CORRESPONSAL/JINOTEGA
La enfermedad conocida como grisi siknis o histeria colectiva, que afectó a unas 26 personas del poblado de Amaka, jurisdicción del municipio de San José de Bocay, en el departamento de Jinotega, está controlada casi en su totalidad por una curandera enviada al lugar por el Ministerio de Salud (Minsa).
El director departamental del Sistema Local de Atención de Salud (Silais), Harry Velásquez, dijo a LA PRENSA que las personas atendidas por la curandera Nelly Sacarías están recuperadas. “Esto lleva un proceso y por eso le hemos pedido a doña Nelly que permanezca unos días más, pero no quiere decir que no se ha controlado el brote”, apuntó.
Desde hace dos semanas que fue reportado el brote, el director del Silais orientó enviar a una brigada compuesta por médicos y enfermeras para reforzar la zona. Sin embargo éstos no pudieron hacer nada con la medicina tradicional hasta que fue localizada la curandera Nelly Sacarías, quien es originaria de la zona de Walakistan, para que atendiera los casos.
El director del Silais estima que el costo del control de la histeria colectiva oscila entre 80 y 90 mil córdobas, de los cuales 20 mil se le deberán pagar a la curandera, el resto corresponde a los costos de tres viajes al río, viáticos e insumos requeridos por la curandera para hacer los rituales de sanación. Entre los insumos se mencionan: azufre, veladoras y hasta gatos negros, entre otros materiales que prefirió mantener reservado el director del Silais.
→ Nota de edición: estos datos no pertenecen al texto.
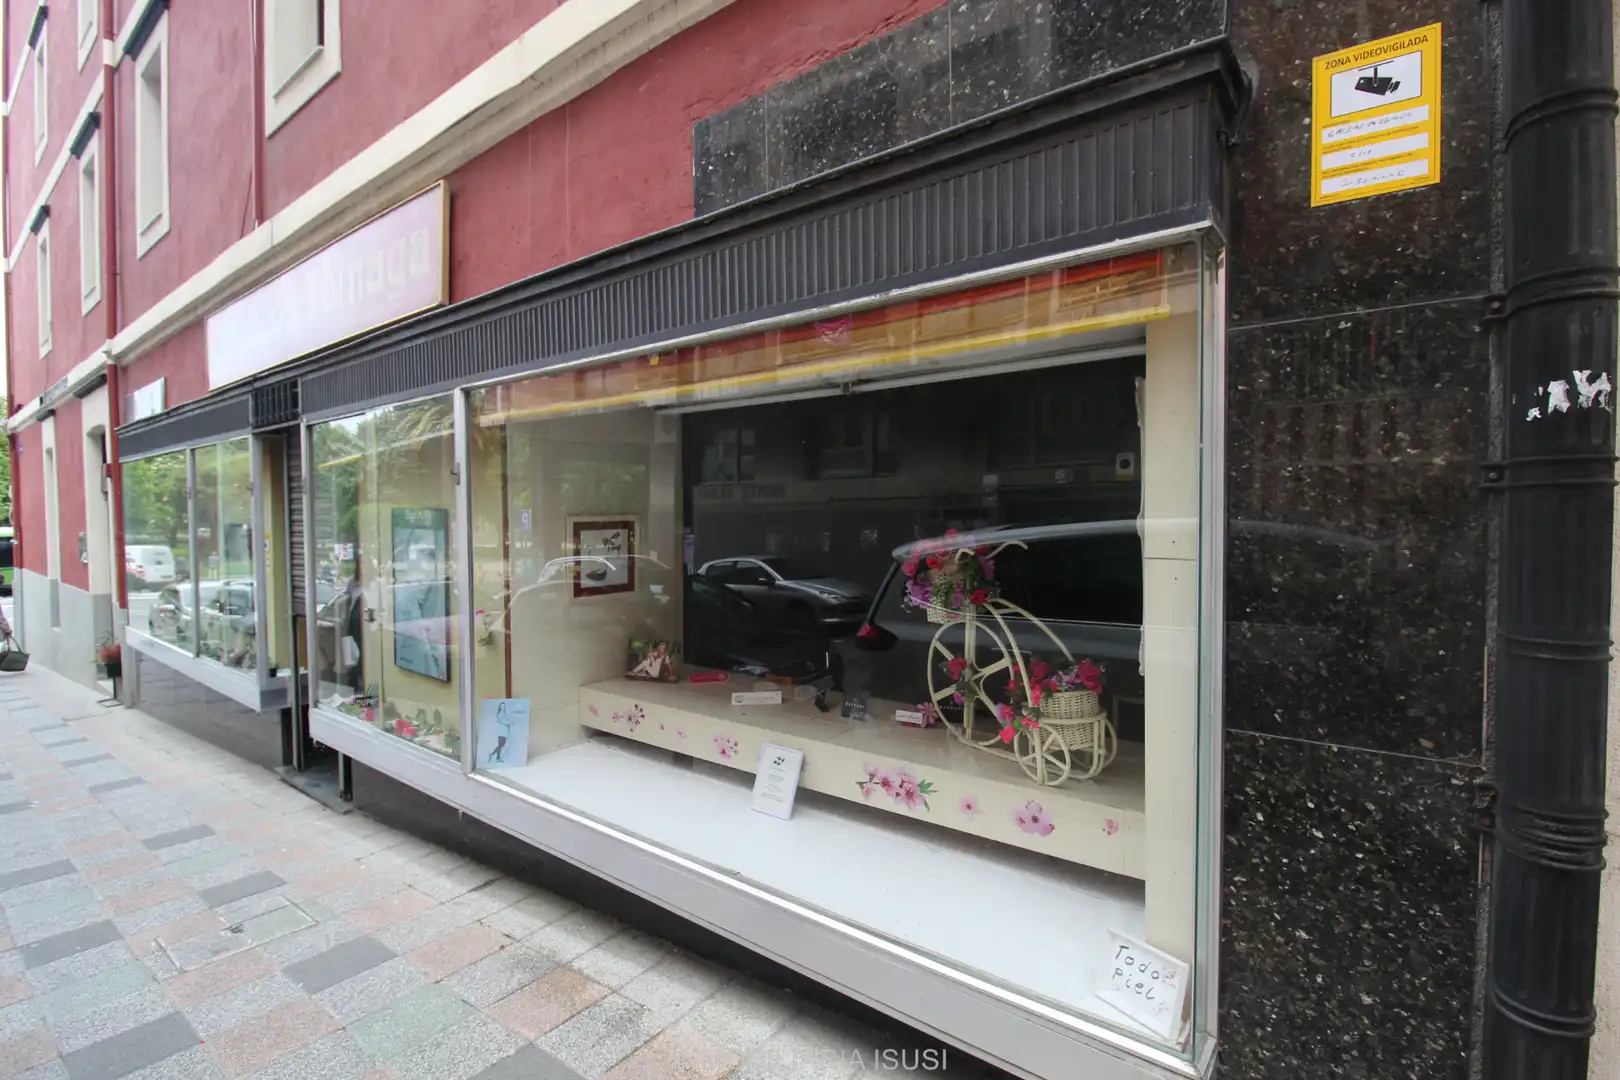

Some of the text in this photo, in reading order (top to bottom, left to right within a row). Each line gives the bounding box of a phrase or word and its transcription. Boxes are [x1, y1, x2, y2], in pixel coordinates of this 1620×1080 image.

Para algunos líderes miskitos de la zona la enfermedad presentada en Amaka obedece a hechicería practicada por brujos hondureños. “Conocen nuestras herencia y cultura y una muestra de eso es saber que la medicina occidental no puede curar a los indígenas y deben ser sanados por los curanderos que conocen los efectos y el tipo de hechizo que se utilizó”, aseguró Anastasio Samuhú, brujo de la zona.